Participação de mulheres em produções científicas cresceu 29%
Um levantamento internacional aponta crescimento de 29% na participação feminina em produções científicas. Em 2022, quase metade dos estudos publicados no Brasil contou com pelo menos uma mulher entre os autores.Segundo a ministra da Ciência, Tecnologia e Inovação, Luciana Santos, mudanças adotadas para ampliar a presença feminina na área, forma decisivas.
“Nós mudamos a regra do CNPq, porque as cientistas que viram mães acabam tendo impacto dessa condição e o tempo de produtividade daqueles resultados, [então] nós alteramos considerando a escolha que essas mulheres fazem.”
Mesmo com avanços, os dados mostram que a presença feminina diminui conforme a carreira científica avança. Nas áreas de ciência, tecnologia, engenharia e matemática, o crescimento também ocorreu, mas em ritmo mais lento nos últimos anos.

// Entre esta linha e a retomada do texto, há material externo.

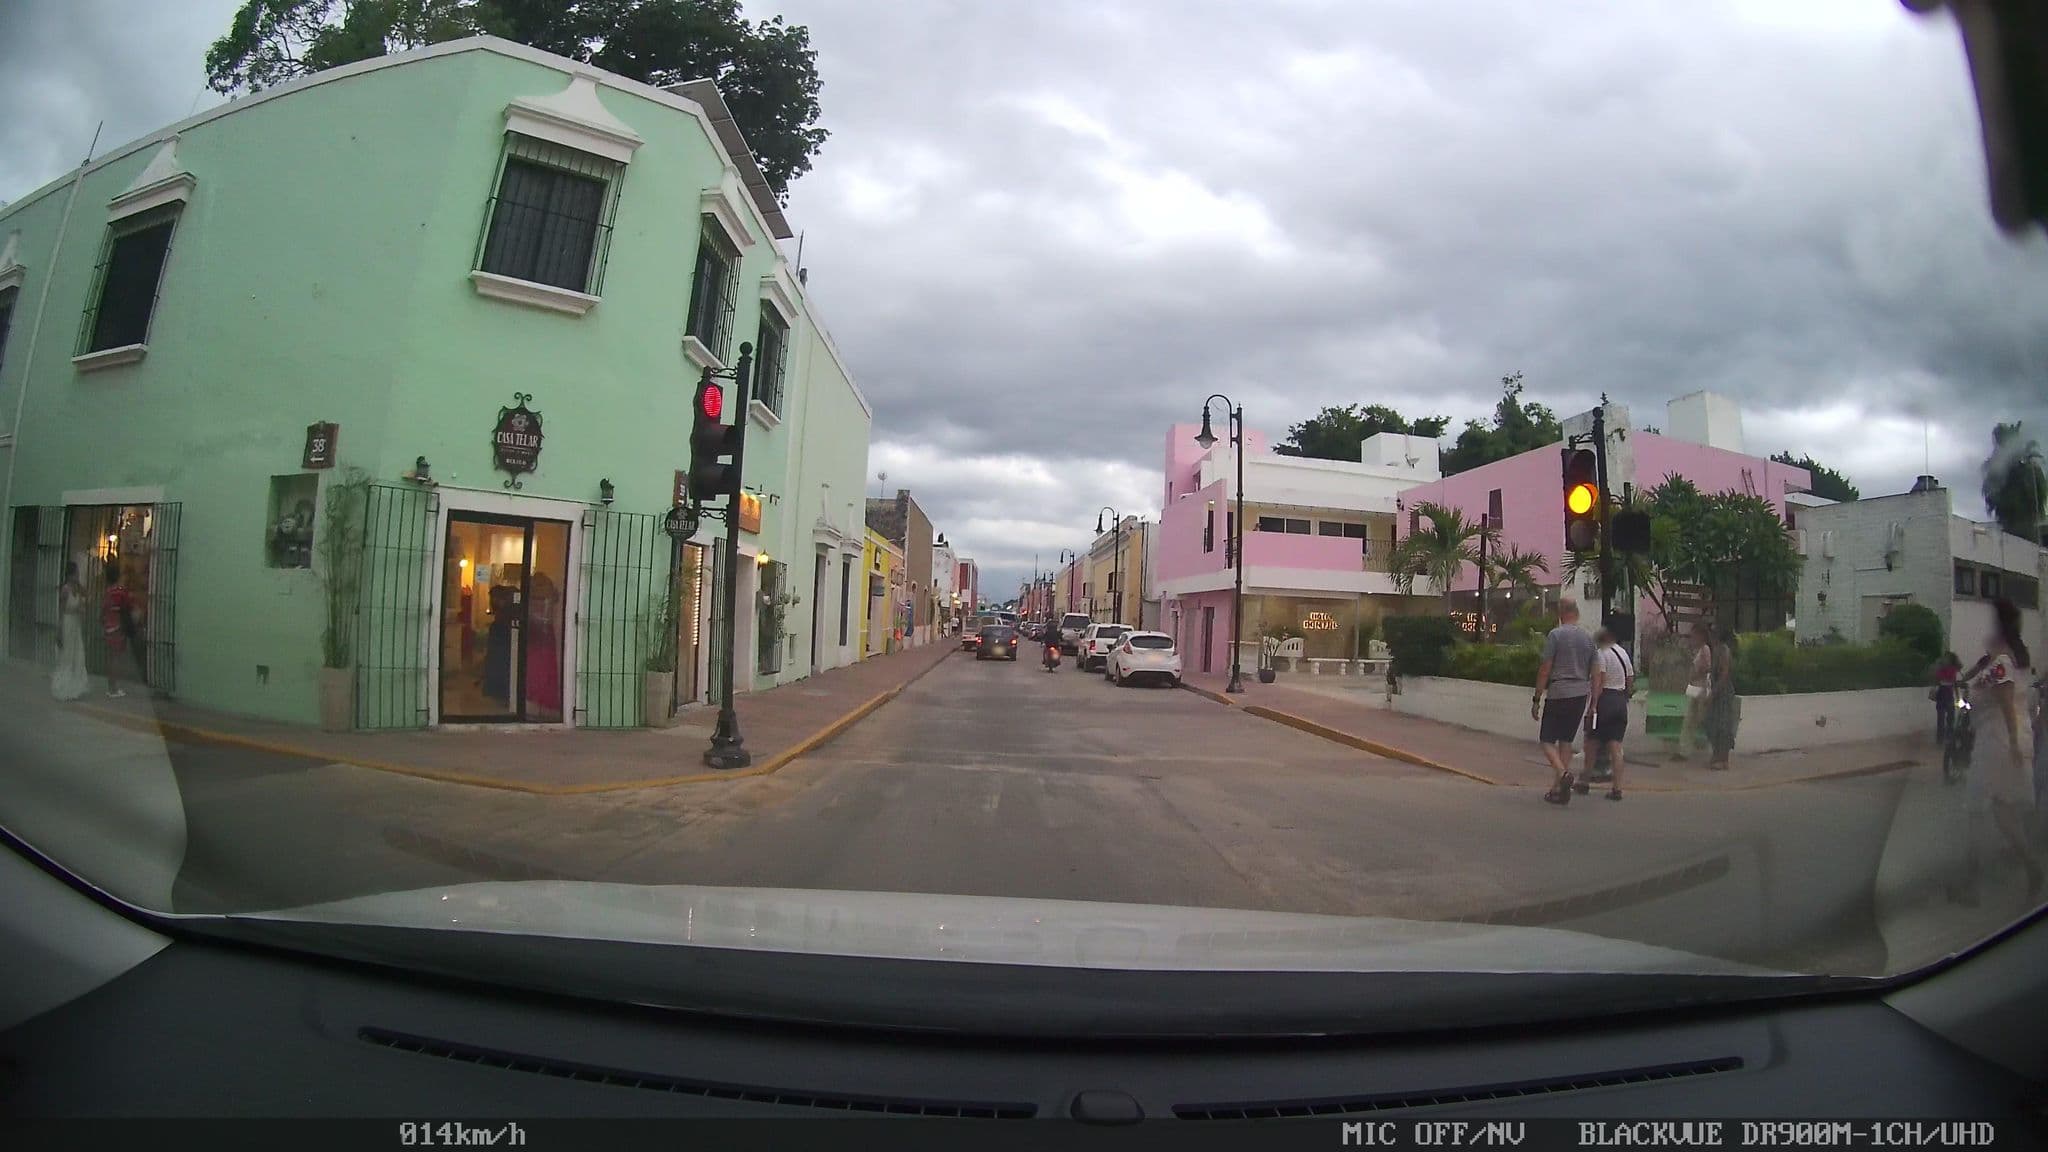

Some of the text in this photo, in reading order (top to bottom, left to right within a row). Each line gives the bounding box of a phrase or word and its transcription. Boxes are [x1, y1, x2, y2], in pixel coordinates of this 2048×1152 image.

[312, 438, 326, 453] 38
[497, 431, 538, 448] CASA TELAR
[666, 519, 679, 530] CASA

Diversas ações estão sendo planejadas.
“Nós temos também programas na área de microeletrônica. Temos também uma política de startups, para empreendedorismo. E assim a gente vai estimulando, fortalecendo a participação das mulheres e dando visibilidade, porque às vezes a visibilidade é que inspira as meninas a percorrerem essas carreiras.”, destacou a ministra.
Os especialistas ainda destacam que políticas públicas de incentivo à formação e programas de permanência são fundamentais para ampliar a participação das mulheres e reduzir desigualdades no ambiente científico.